■ DESCRIPTION OF THE TASK
Leaving out the images, reproduce every line of the data that follows exactly.

☆ ☆ ☆ ☆

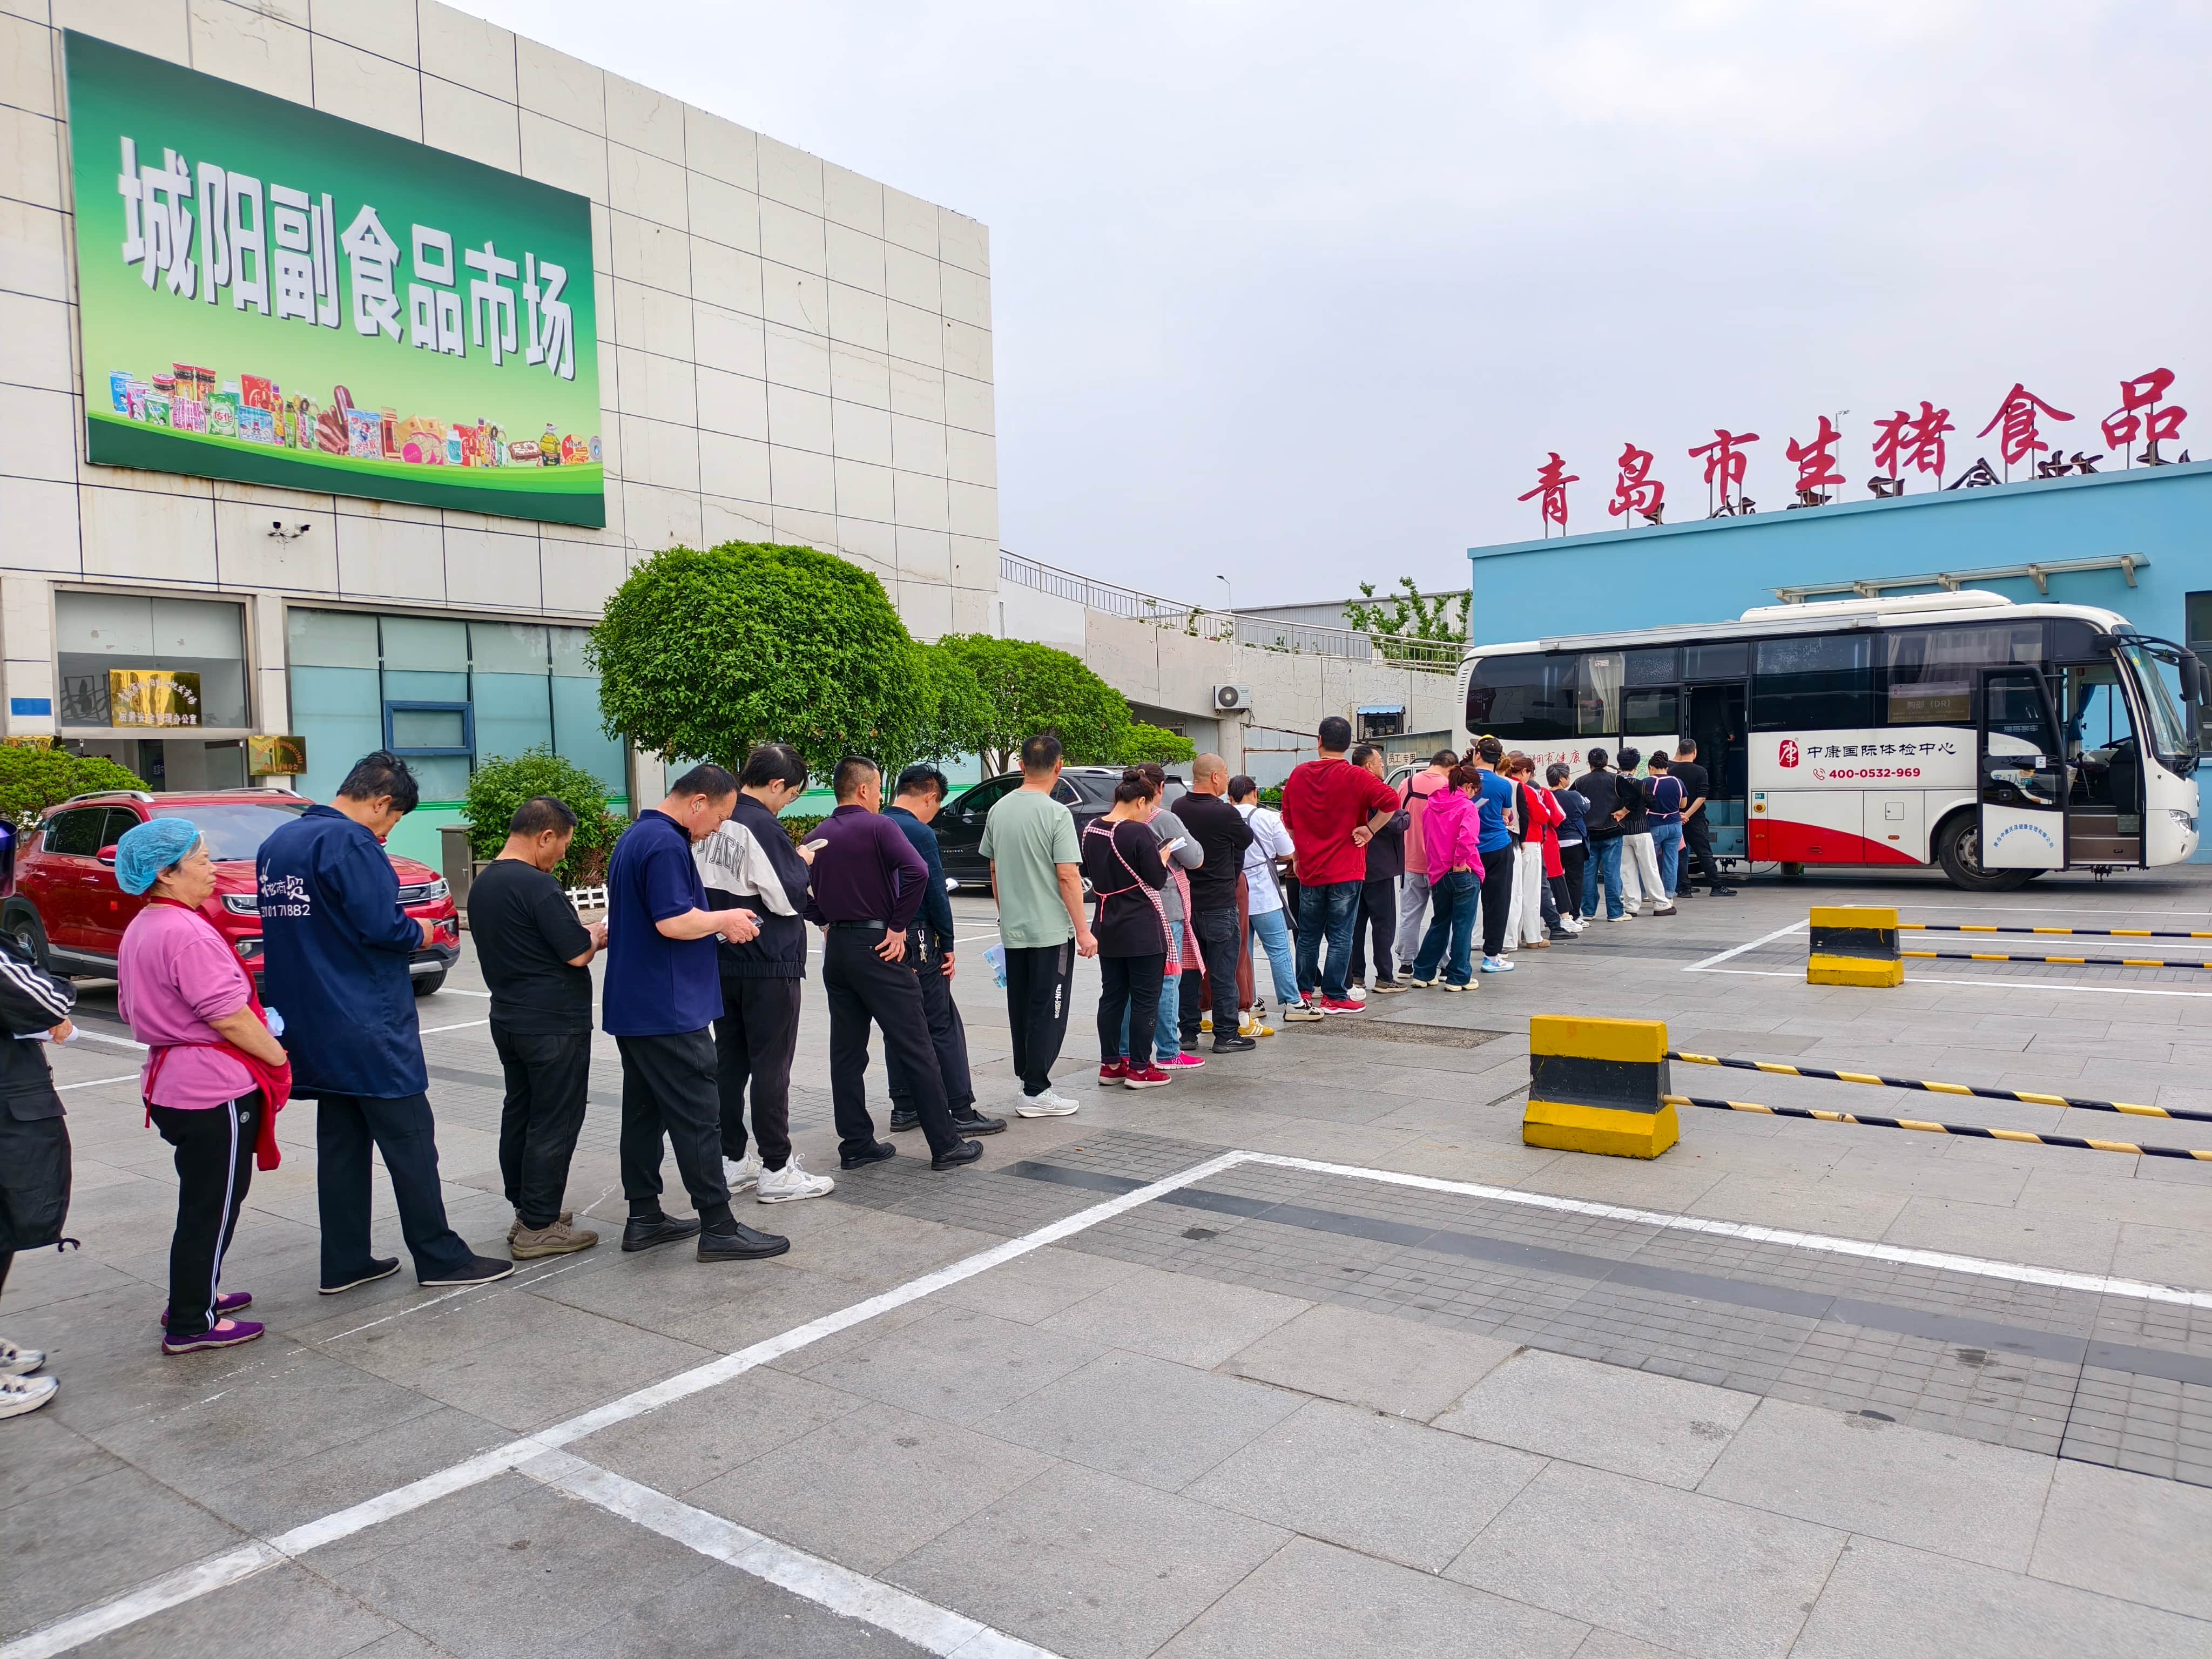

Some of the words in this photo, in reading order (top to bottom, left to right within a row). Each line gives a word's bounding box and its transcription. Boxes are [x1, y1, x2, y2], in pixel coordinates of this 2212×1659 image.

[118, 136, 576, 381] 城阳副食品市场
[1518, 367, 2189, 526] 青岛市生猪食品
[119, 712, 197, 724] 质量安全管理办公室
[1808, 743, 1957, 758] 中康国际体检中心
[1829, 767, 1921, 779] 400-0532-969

☆ ☆ ☆ ☆

■ COMPLETED EXERCISE
Some of the words in this photo, in reading order (top to bottom, left to right within a row). Each line gives a word's bounding box and its transcription. Boxes are [x1, y1, x2, y2], in pixel coordinates of this 2212×1659 image.

[118, 136, 576, 381] 城阳副食品市场
[1518, 367, 2189, 526] 青岛市生猪食品
[119, 712, 197, 724] 质量安全管理办公室
[1808, 743, 1957, 758] 中康国际体检中心
[1829, 767, 1921, 779] 400-0532-969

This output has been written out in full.